At first it really looked like he was going to do it, too. Shortly after arriving here he found a thriving Kindred, much larger and more active than anything that had existed back home. He met and fell madly in love with a pretty girl named Kimmy through the Kindred and before the year was out they were an item. He’d gotten several things published in major national magazines and started work on the Great American Pagan Novel. He found this job at a 7-Eleven to pay the bills until he started making some real money through his writing. For the first time in his life things were starting to look up for Mike.

Then his luck reverted to form. The hours at the convenience store were long and grueling. Most of the time he’d come home after work too exhausted and demoralized to do anything more than sit in front of the TV and chug beers until he passed out. Months went by without him so much as picking up a pen to write and when he did it was all shitty and uninspired. His religious practice had suffered even more than his writing. Most of the time his shrines were covered in dust and he barely remembered to pray or thank the gods on the rare occasion that something good actually happened to him. The only ritual he regularly did was with the Kindred and even then he was mostly a passive witness. It had gotten so bad that the gythia had asked him if he wanted out. He didn’t. The Kindred was the only decent thing left in his life. He just found it difficult to “get it up” spiritually because everything else in his world had become so small and meaningless. It was like there was this sucking emptiness in his soul and no matter what he did he couldn’t fill the void.

After a while problems developed in his relationship with Kimmy.
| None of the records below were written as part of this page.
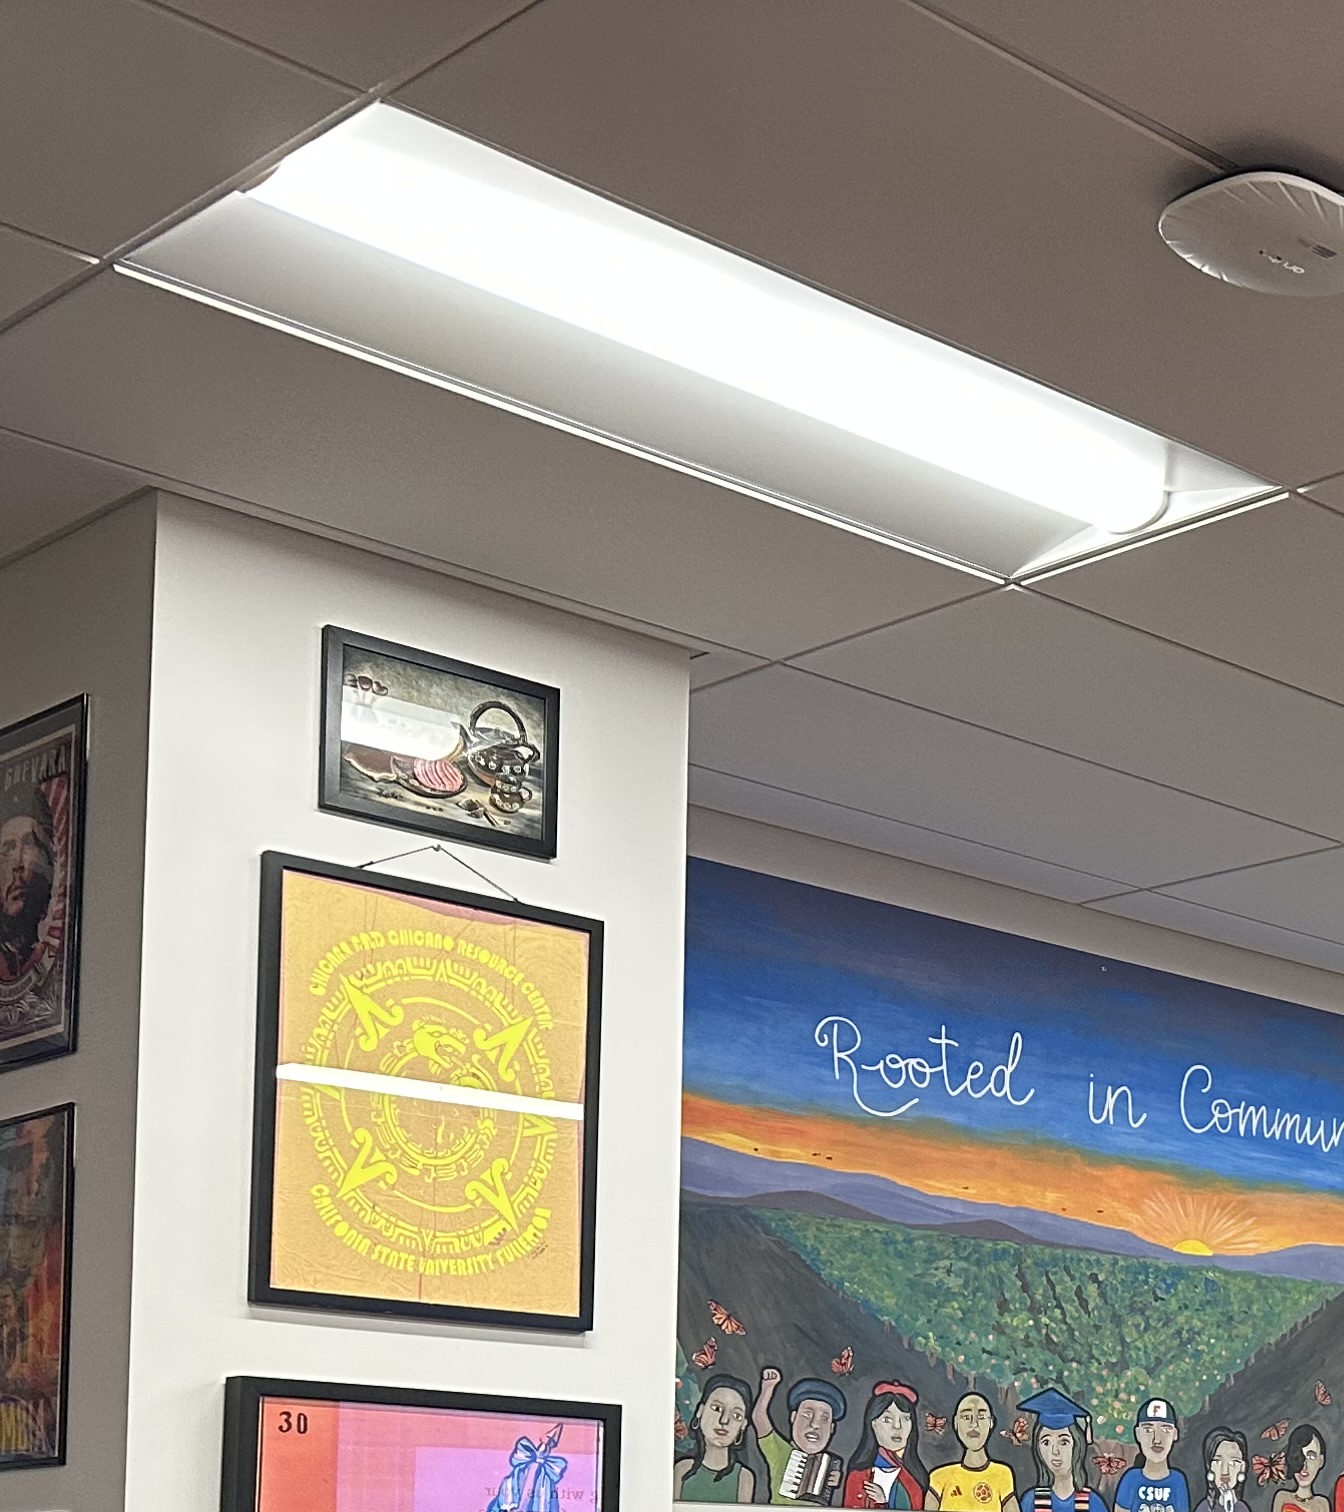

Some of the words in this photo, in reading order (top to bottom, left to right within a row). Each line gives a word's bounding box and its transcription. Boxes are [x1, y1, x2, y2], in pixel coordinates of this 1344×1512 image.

[387, 929, 455, 951] CHICANO
[457, 939, 524, 986] RESOURCE
[521, 981, 553, 1030] CENTER
[815, 1015, 1034, 1118] Rooted
[1086, 1072, 1148, 1130] in
[370, 1244, 415, 1273] STATE
[418, 1252, 495, 1276] UNIVERSITY
[277, 1411, 309, 1436] 30
[1152, 1405, 1161, 1417] F
[1138, 1486, 1171, 1501] CSUF
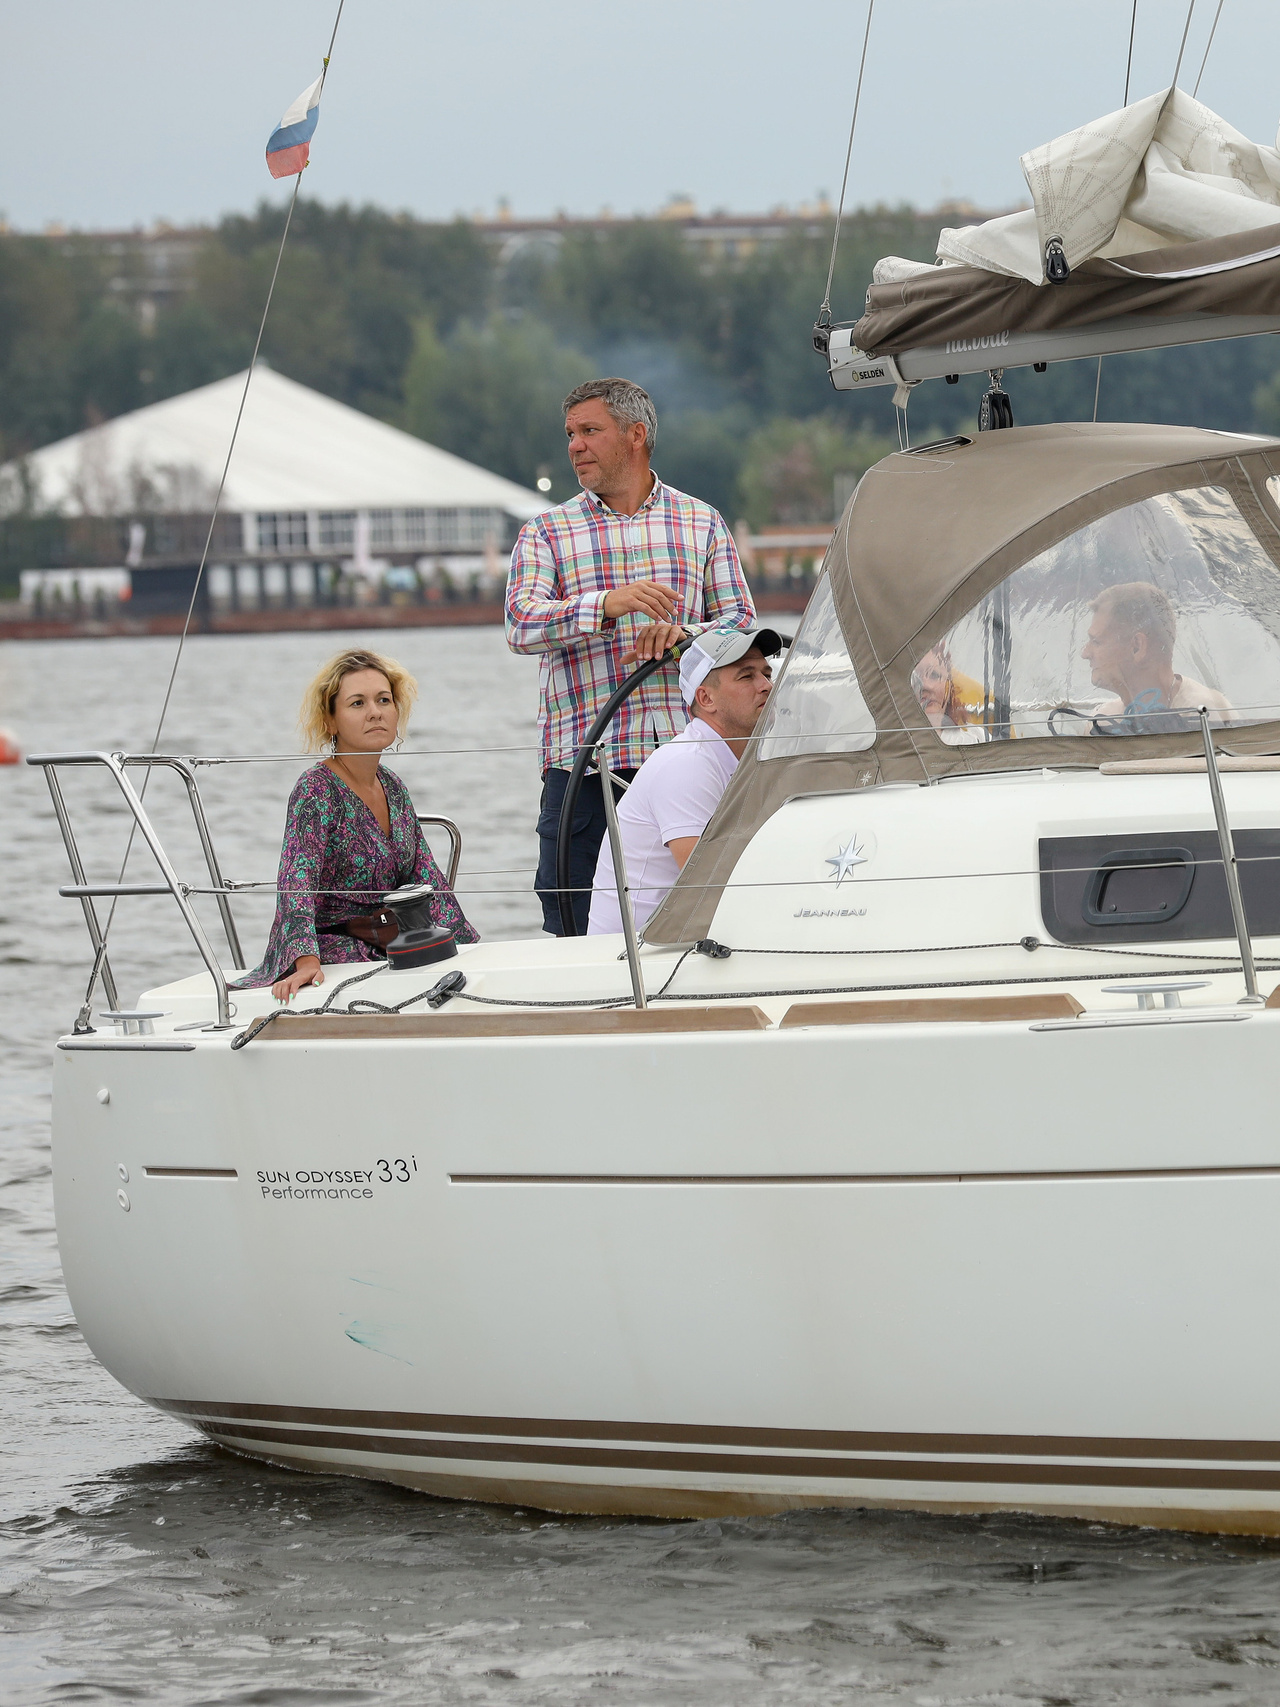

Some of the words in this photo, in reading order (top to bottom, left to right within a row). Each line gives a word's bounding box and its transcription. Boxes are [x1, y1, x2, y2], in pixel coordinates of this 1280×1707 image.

[793, 907, 868, 918] JEANNEAU
[256, 1170, 291, 1183] SUN
[295, 1170, 374, 1183] ODYSSEY
[260, 1185, 374, 1200] Performance
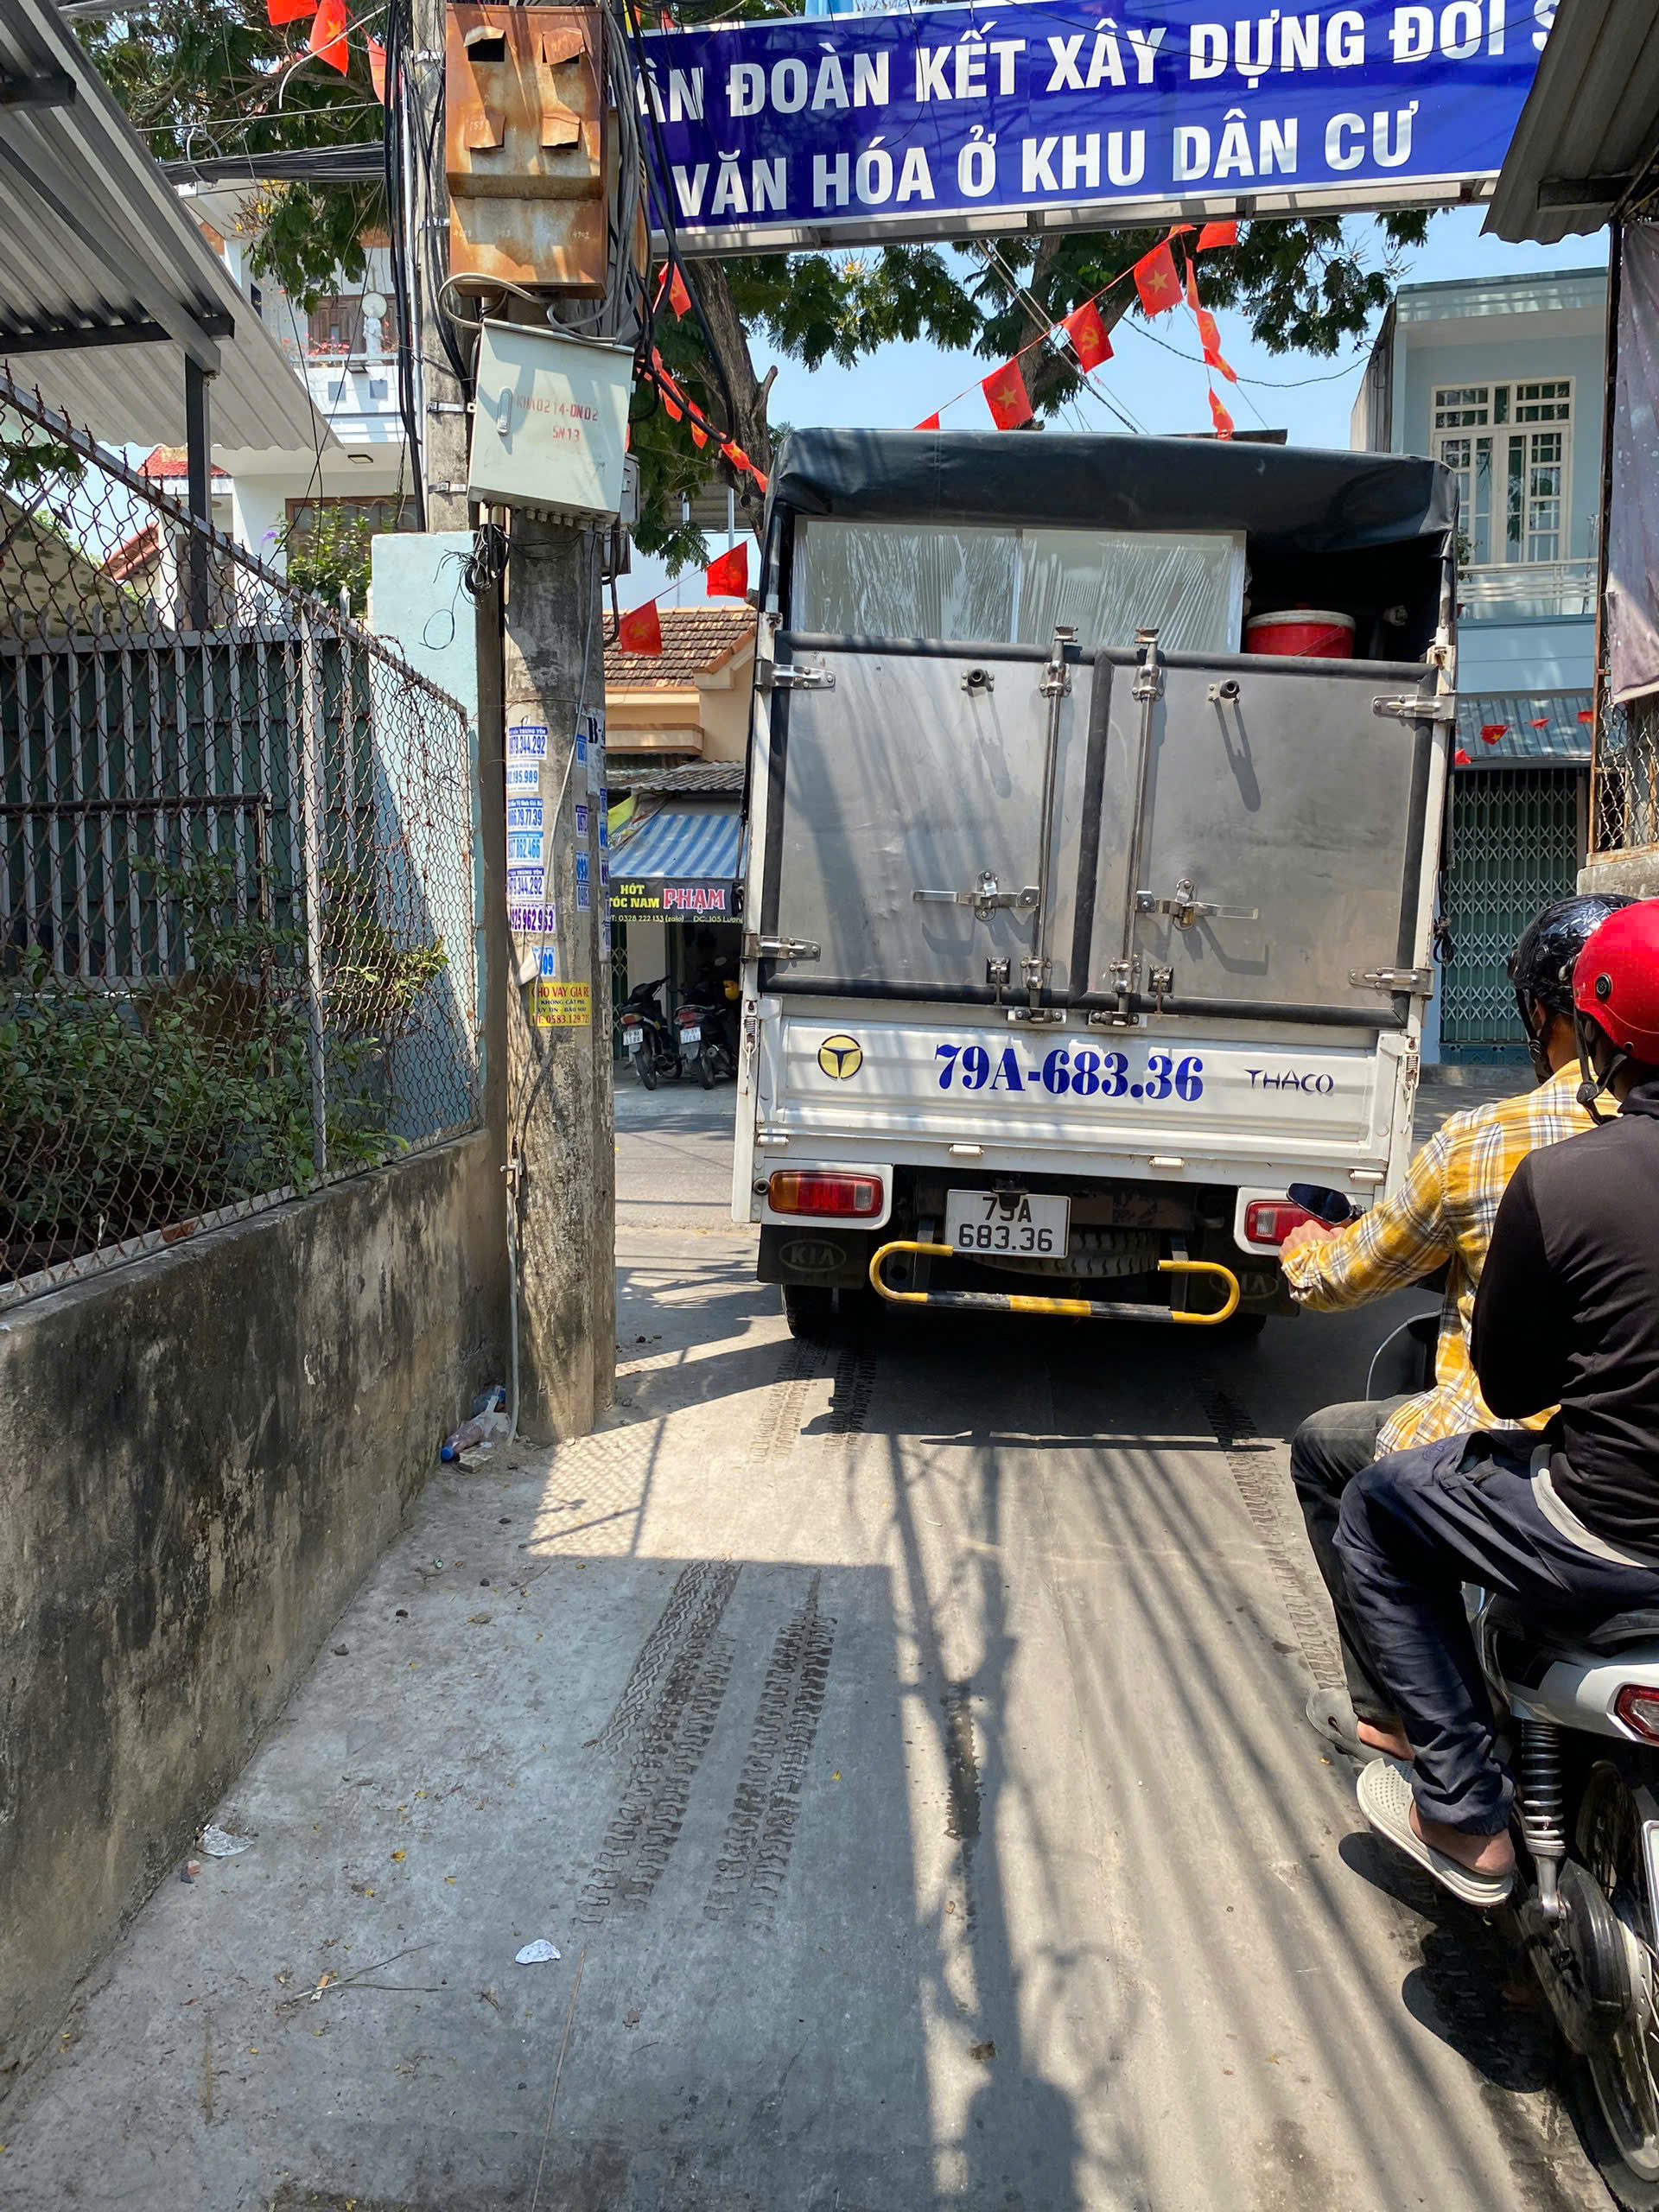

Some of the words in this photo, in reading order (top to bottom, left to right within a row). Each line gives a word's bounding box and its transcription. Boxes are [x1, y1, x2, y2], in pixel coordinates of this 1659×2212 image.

[608, 57, 704, 123] ÂN
[725, 42, 889, 118] ĐOÀN
[915, 21, 1026, 102] KẾT
[1046, 17, 1167, 92] XÂY
[1189, 9, 1366, 89] DỰNG
[671, 149, 787, 217] VĂN
[812, 136, 936, 207] HÓA
[957, 125, 997, 197] Ở
[1021, 129, 1146, 193] KHU
[1172, 108, 1299, 181] DÂN
[1324, 100, 1420, 171] CƯ
[630, 897, 660, 908] NAM
[663, 888, 727, 914] PHẠM
[551, 987, 569, 997] VAY
[934, 1043, 1204, 1102] 79A-683.36
[1243, 1068, 1334, 1095] THACO
[958, 1223, 1053, 1252] 683.36
[791, 1245, 835, 1266] KIA
They fought constantly, or worse just sat there ignoring each other. Most of the time what they fought about was him. At first she tried to help him get out of his rut and break through the depression that seemed to have a strangle-hold on him. And when that didn’t work she came to resent him. She said it was like he had given up on life, abandoned his dreams and everything that had once made him seem so special, and she was sick of it. She didn’t want him to drag her down with him. And so eventually she just left, shacking up with another member of the Kindred after a couple months.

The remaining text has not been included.